Speaking during the meeting, KNUT Secretary General Wilson Sossion called for the immediate reinstatement of the March and April remittances deducted from workers.

“On matters of remittance on NHIF they will face a strike they have never seen on the June 1. We are not going to allow the NHIF to sit on this money for even a day,” he said.

He claimed the NHIF Board had resorted to a public campaign where they intend to publish benefits from the collections on newspapers in a bid to hoodwink Kenyans into believing that the fund is run in a transparent manner.

“Even if they print all this benefits on the front page of the newspapers, we will use those newspapers to wrap meat. Someone should tell them that the teachers and the workers are the ones who know how to buy meat and using newspapers to wrap,” KNUT Secretary-General said.
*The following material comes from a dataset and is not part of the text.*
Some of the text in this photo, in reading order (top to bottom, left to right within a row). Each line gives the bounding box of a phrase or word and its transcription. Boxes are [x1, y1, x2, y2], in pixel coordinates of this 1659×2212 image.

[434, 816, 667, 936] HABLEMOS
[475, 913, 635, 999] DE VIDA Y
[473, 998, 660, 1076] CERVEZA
The new rates which took effect in April has seen formal sector workers earning Sh5,999 and below will pay Sh150 while those paid Sh100,000 and above remit the highest amount at Sh1,700.

Those who are self-employed and who have been paying Sh160 per month, will start paying Sh500.
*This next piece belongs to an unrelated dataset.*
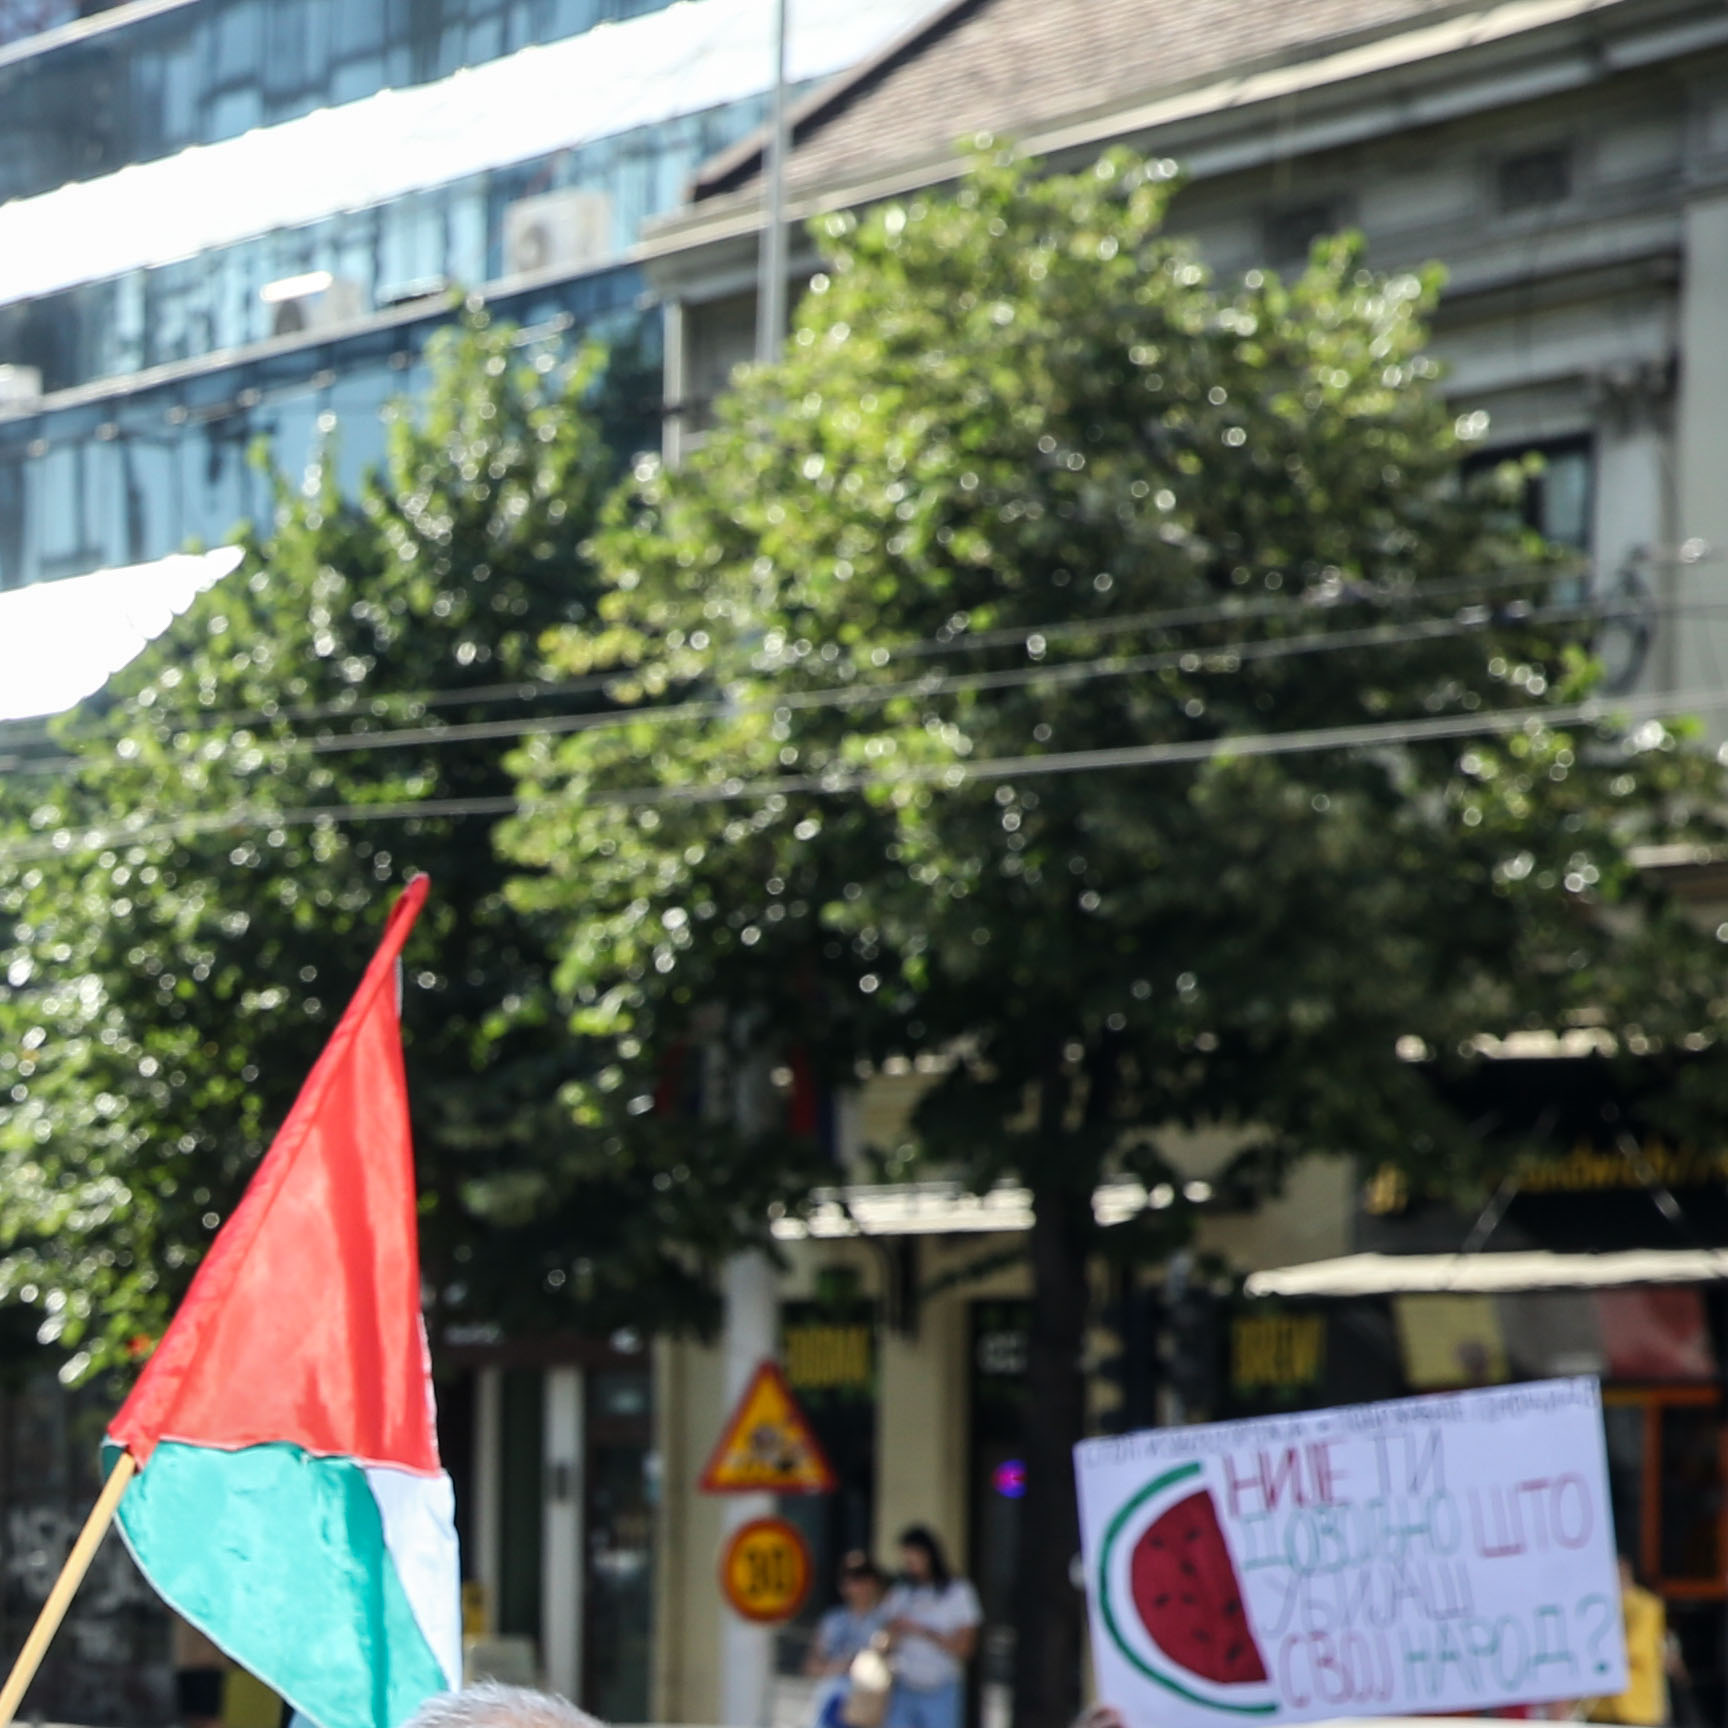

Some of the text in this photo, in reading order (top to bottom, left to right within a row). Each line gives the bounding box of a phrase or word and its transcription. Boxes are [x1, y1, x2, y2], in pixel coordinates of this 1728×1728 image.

[1370, 1428, 1446, 1503] ТИ
[1470, 1472, 1594, 1558] ШТО
[1278, 1631, 1395, 1709] СВОЈ
Most workers have been paying Sh320 per month to the National Hospital Insurance Fund since 1988 when the rates were last reviewed.

Sossion who is also the Trade Union Congress of Kenya (TUC-K) National Chairman said the nation-wide strike could be extended to university and academic staff, civil servants, security officers among others.

NHIF, which has mainly been paying hospital bed charges for members, plans to use the larger pool of funds to introduce comprehensive inpatient and outpatient medical covers.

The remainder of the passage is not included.